Joe - that puts it in perspective. Since most CONUS trail hiking is fairly easy (assuming basic fitness), I think that what you mean by challenging is that it would be a fairly long distance without resupply.
"I prefer to actually complete something (either loop or thru-hike)" You might consider dropping that idea. In Europe there are dozens, maybe hundreds, of named trails of 75-150 miles, so it makes sense to think about completing something. But in the US, the vast majority of wilderness areas have a network of trail segments that are not organized into a single named trail. Since many people like "named trails", those tend to get all the attention and are therefore more crowded -- John Muir Trail, High Sierra Trail, Colorado Trail, Wonderland Trail, etc.

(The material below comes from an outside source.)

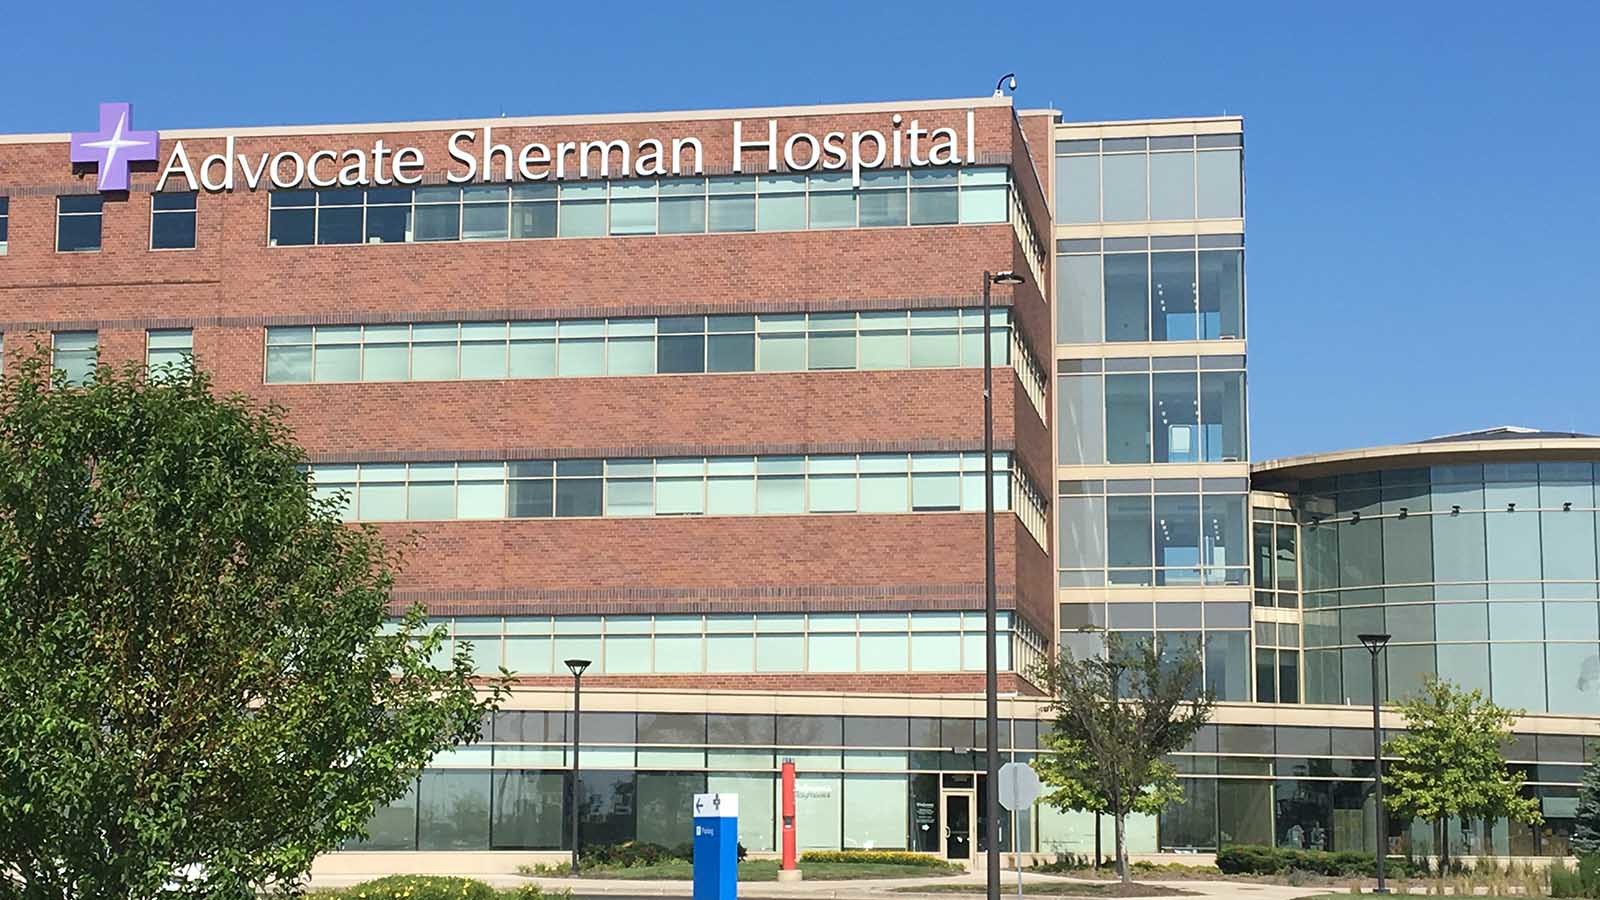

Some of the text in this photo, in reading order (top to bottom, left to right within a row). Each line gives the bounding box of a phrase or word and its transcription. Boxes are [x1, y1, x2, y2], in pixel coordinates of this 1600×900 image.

[155, 111, 976, 193] Advocate Sherman Hospital

Of the alpine areas, I'm most familiar with the Sierra range. The best part of the range is between Mono Recesses (Italy Pass area) and Cottonwood Pass. Just put together any loop, or one way hike (by hitching to/from highway 395 on the east side), and you'll be a happy hiker. Optimize your route to spend as much time above 10,000 feet as you can. Don't hesitate to plan a trail distance that's shorter than your total trip and then spend some time exploring off-trail. Going just 1/2 mile off trail gives you access to a lifetime supply of beautiful places. If you decide to go to the Sierra, then you need three things to plan your trip: RJ Secor's "The High Sierra: Peaks, Passes, and Trails", and two Trail's Illustrated overview maps - #205 and #809. Or, if you really want a single "just go here" answer, then the Big SEKI Loop would be an option.
Obviously, the Rockies (MT, WY, CO) has plenty of good hiking at half the driving distance from KC (12 hours instead of 24 hours). I can't help with specific recommendations there.